There are more than 2,000 prison inmates on death row in America. These individuals have been tried for serious crimes, convicted, and sentenced to death. While appealing their convictions, some have lived with the death sentence hanging over them for as much as ten years.

After having outlawed the practice for many years, the Supreme Court restored the death penalty as a state option in 1976. Since then, only 13 states have permitted executions; another 24 have enacted but not used legislation allowing capital punishment. In 13 other states, the death penalty is still not permitted.
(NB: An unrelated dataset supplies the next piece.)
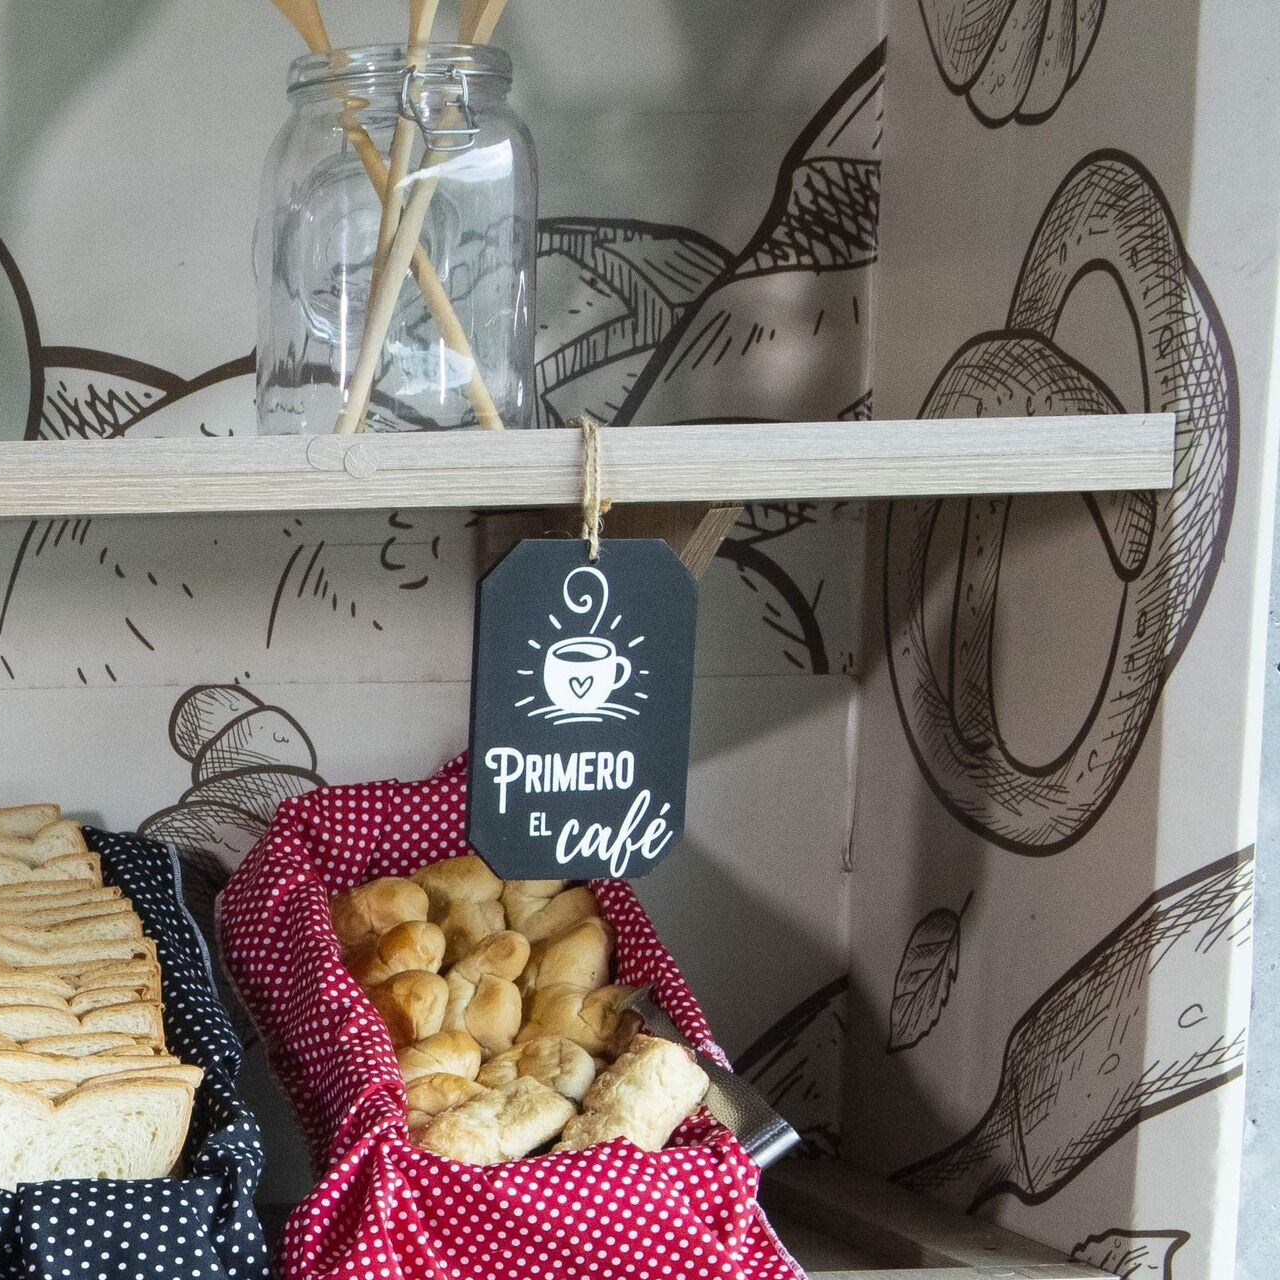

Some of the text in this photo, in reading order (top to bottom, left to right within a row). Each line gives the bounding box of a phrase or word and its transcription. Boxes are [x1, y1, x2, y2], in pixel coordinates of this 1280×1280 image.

During the more than 13 years that capital punishment has been restored, there have been only 120 executions in the entire nation. In 1935, when there were far fewer homicides and a much smaller population, 199 persons were executed. Today’s attitude toward the life of a convict is hardly as callous as some would insist.

Just Retribution

But what about capital punishment? Is it just for the state to take a person’s life? Should the practice be outlawed once again? Is the power to execute someone more power than is proper?

The only defense of the use of capital punishment is an appeal to justice. The earliest known moral code, the Mosaic Laws, mandated the death penalty not only for murder but for several other offenses that would never earn it today. Those who object to capital punishment on religious grounds ignore God’s command to Moses (Leviticus 24:17), “He that striketh and killeth a man, dying let him die.” And the Apostle Paul told the Romans that the state indeed had authority to punish serious crimes with death.
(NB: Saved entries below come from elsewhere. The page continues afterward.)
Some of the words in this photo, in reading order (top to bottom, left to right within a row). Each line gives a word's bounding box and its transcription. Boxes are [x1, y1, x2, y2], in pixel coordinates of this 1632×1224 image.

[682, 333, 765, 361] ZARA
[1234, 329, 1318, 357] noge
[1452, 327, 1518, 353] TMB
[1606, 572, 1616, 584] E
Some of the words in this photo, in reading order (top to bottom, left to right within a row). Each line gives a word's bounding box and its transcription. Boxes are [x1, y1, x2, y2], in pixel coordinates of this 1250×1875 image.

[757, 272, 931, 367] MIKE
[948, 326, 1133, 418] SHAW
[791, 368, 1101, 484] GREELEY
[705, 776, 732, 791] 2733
Among the great moral teachers of history, Augustine defended the use of the death penalty in his City of God. Thomas Aquinas likened the taking of a criminal’s life to the amputation of a diseased limb in order to save the rest of the body. Others have persuasively held that crime demands not only punishment but retribution. While a thief may be able to restore what he has stolen, a murderer cannot. But, if justice demands retribution for thievery, it demands the same for murder. The taking of the life of a murderer, therefore, is a just act of retribution.
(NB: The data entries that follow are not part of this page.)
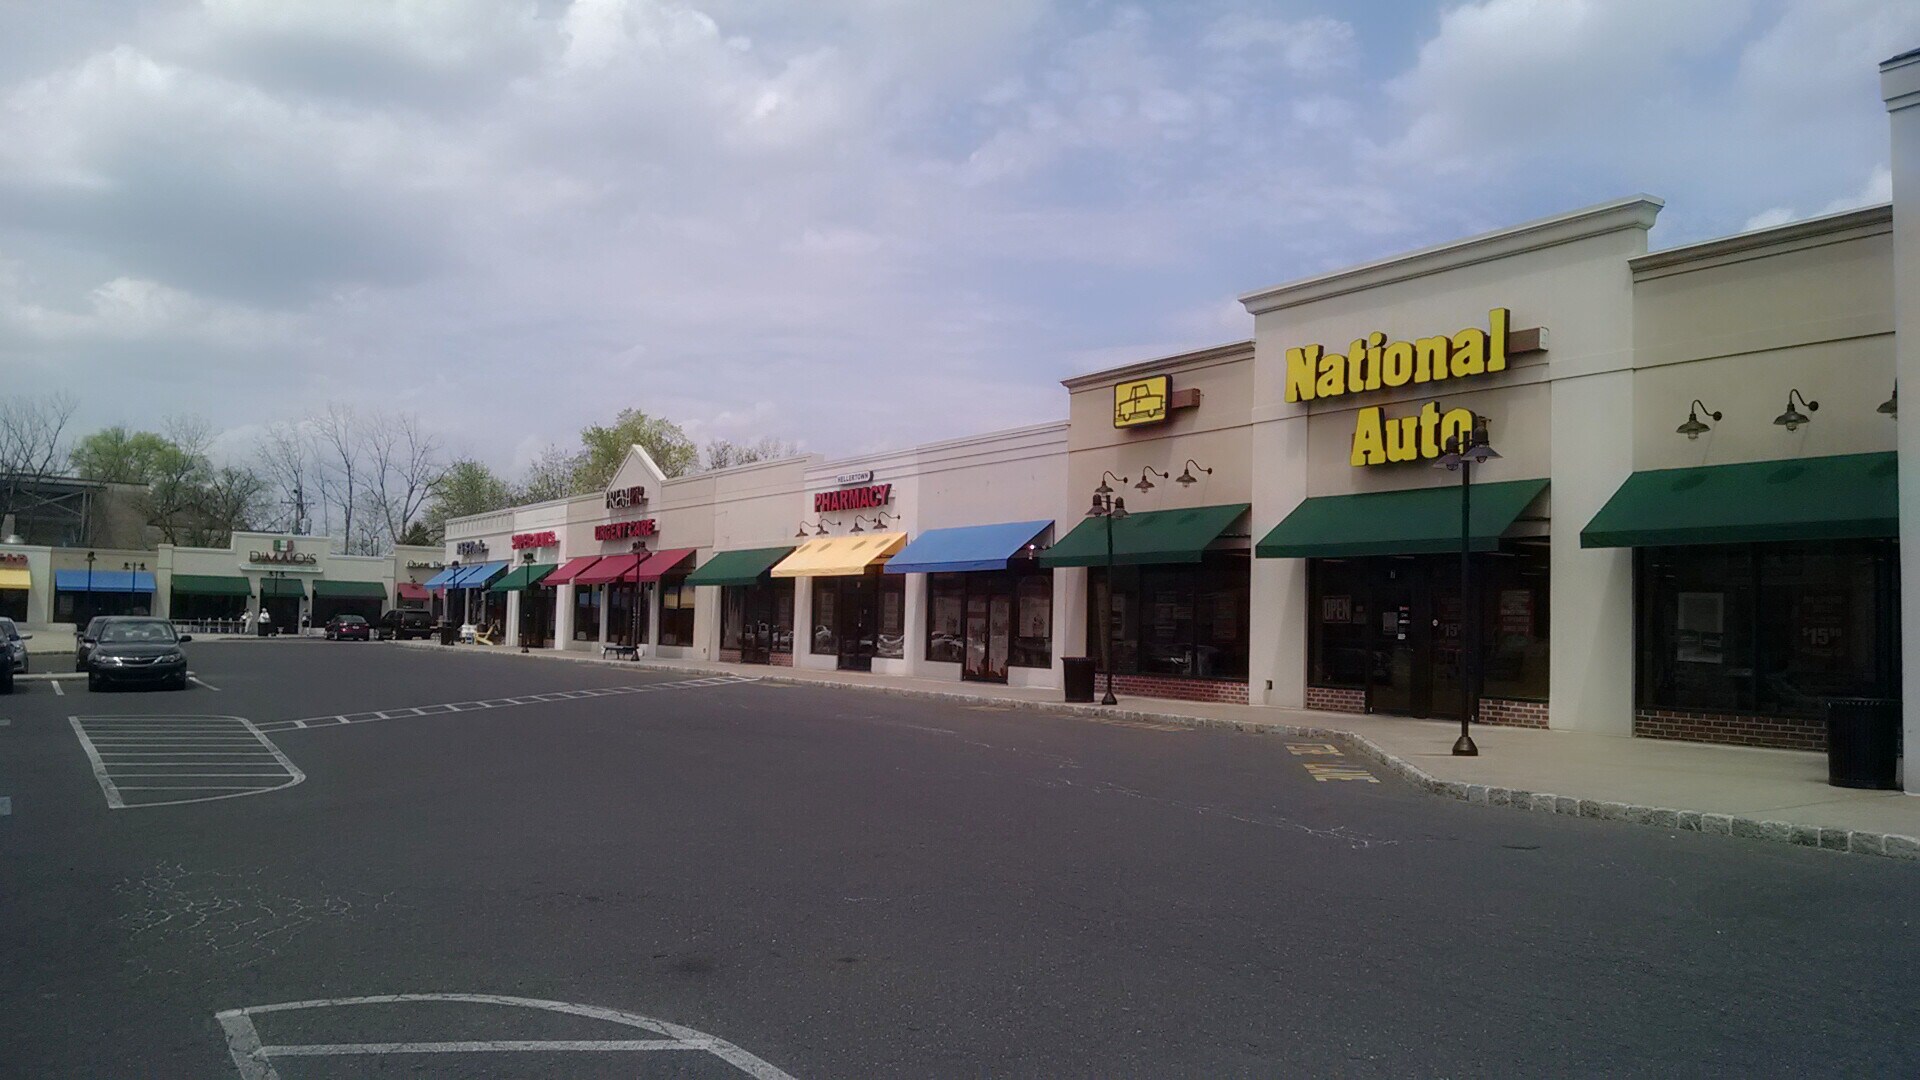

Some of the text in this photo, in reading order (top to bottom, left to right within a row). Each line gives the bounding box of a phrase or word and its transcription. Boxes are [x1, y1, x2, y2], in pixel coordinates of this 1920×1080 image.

[1285, 308, 1510, 403] National
[1351, 401, 1478, 467] Auto
[837, 472, 869, 483] HELLERTOWN
[814, 484, 892, 513] PHARMACY
[595, 518, 656, 541] URGENT CARE
[1324, 598, 1350, 620] OPEN
Too often, only the deterrent effect of capital punishment is pointed to as justification for its use. And there is no doubt that it does deter. But to punish one man in order to deter another can never be justified of itself. The deterrent effect, as powerful as it may be, can only be the by product of an act that is itself just.

Refusal to administer capital punishment likely leads to additional violent deaths. During his term as New York City’s Mayor, the liberal Edward Koch pleaded: “One Lemuel Smith was convicted last year in Dutchess County for murder. He had already been convicted in Schenectady for a kidnapping and rape, for which he received two 25-years-to-life sentences. He had also already been convicted of murder in Albany, for which he received another 25-years-to-life sentence. While serving these three life sentences in Green Haven Prison, he lured a woman corrections officer … into the Catholic chaplain’s office and there strangled her to death and mutilated her body …. A fourth life sentence is meaningless. The status of the law in New York has given him a license to kill.”

Capital punishment, in careful use, is both just and necessary.